Immunotherapy has revolutionized the treatment of cancer. Nevertheless, the majority of patients do not respond to therapy, meaning a deeper understanding of tumor immune evasion strategies is required to boost treatment efficacy. The vast majority of immunotherapy studies have focused on how treatment reinvigorates exhausted CD8+ T cells within the tumor. In contrast, how therapies influence regulatory processes within the draining lymph node is less well studied. In particular, relatively little has been done to examine how tumors may exploit peripheral CD8+ T cell tolerance, an under-studied immune checkpoint that under normal circumstances prevents detrimental autoimmune disease by blocking the initiation of T cell responses.
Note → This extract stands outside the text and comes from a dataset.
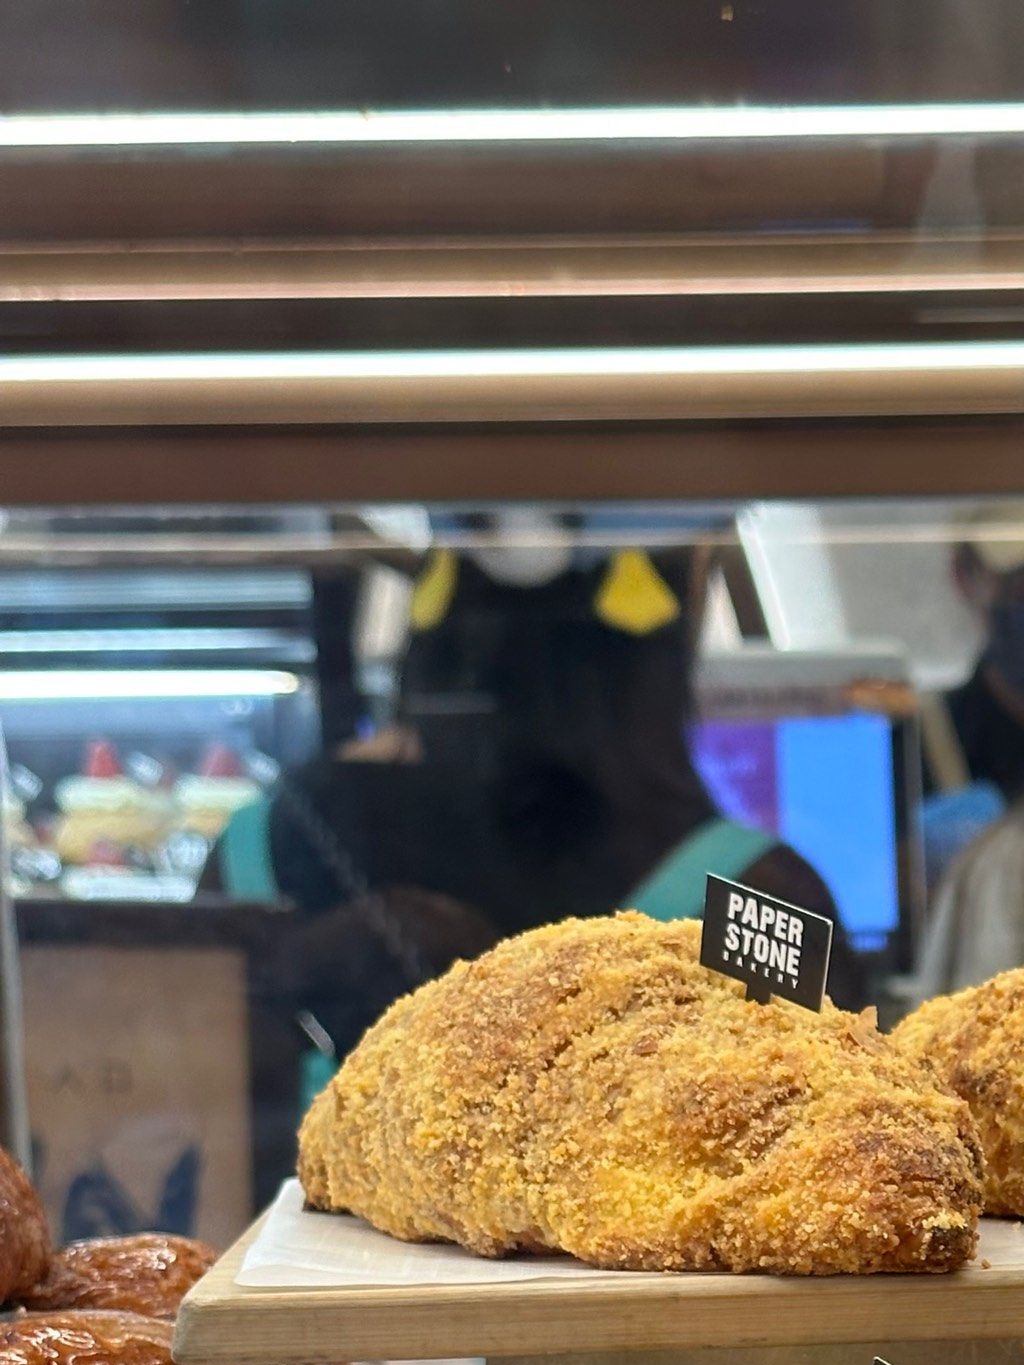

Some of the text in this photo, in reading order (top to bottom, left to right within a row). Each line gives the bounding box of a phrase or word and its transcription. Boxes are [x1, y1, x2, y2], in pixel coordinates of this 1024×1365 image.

[727, 892, 804, 947] PAPER
[722, 950, 799, 989] BAKERY
[724, 922, 801, 976] STONE
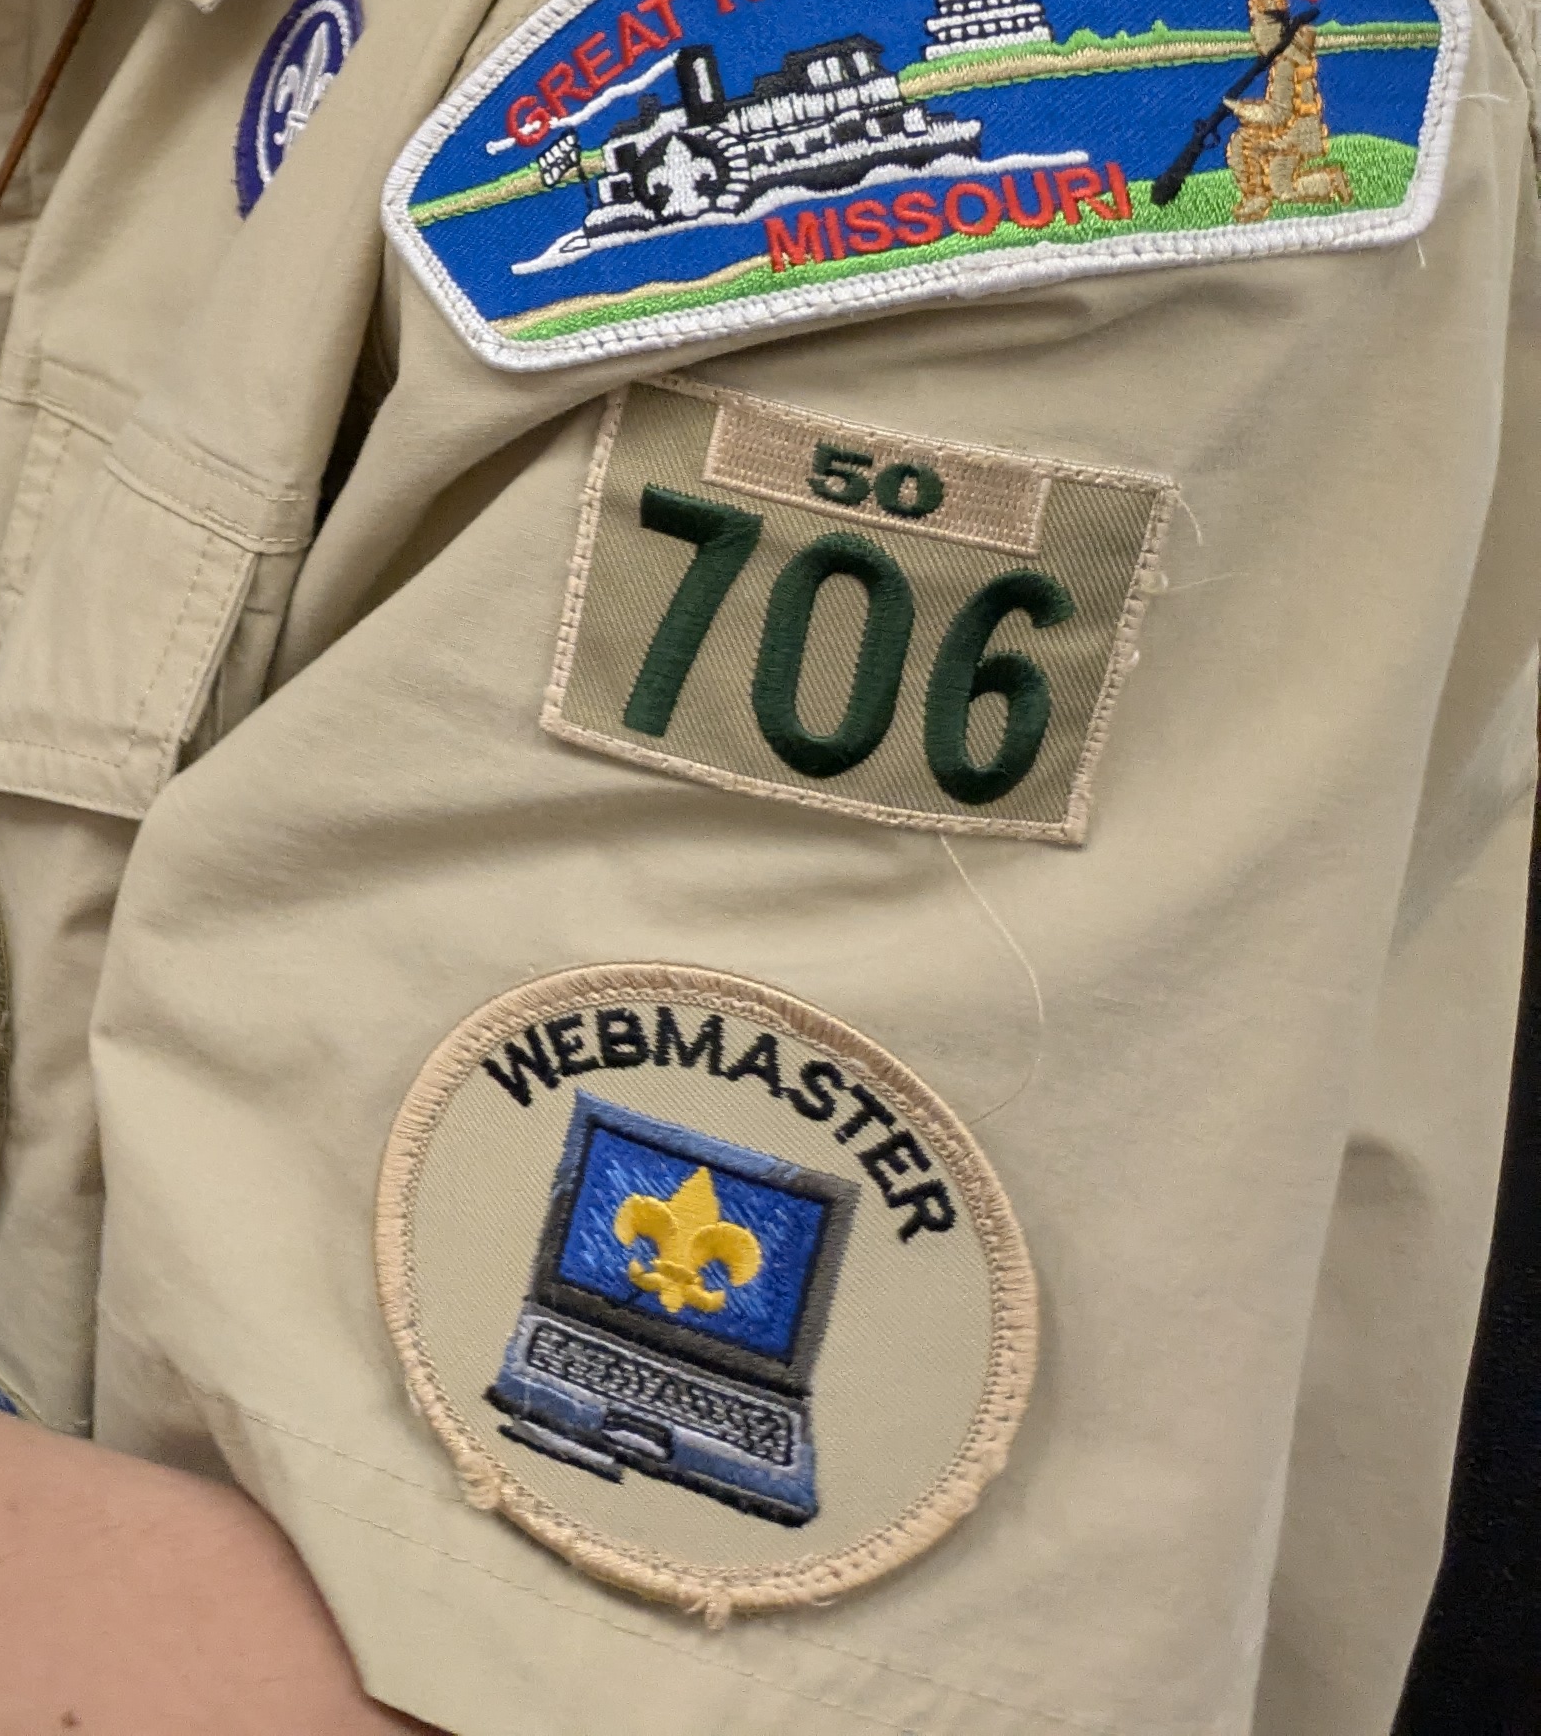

Here we review the therapeutic potential of blocking peripheral CD8+ T cell tolerance for the treatment of cancer. We first comprehensively review what has been learnt about the regulation of CD8+ T cell peripheral tolerance from the non-tumor models in which peripheral tolerance was first defined. We next consider how the tolerant state differs from other states of negative regulation, such as T cell exhaustion and senescence. Finally, we describe how tumors hijack the peripheral tolerance immune checkpoint to prevent anti-tumor immune responses, and argue that disruption of peripheral tolerance may contribute to both the anti-cancer efficacy and autoimmune side-effects of immunotherapy. Overall, we propose that a deeper understanding of peripheral tolerance will ultimately enable the development of more targeted and refined cancer immunotherapy approaches.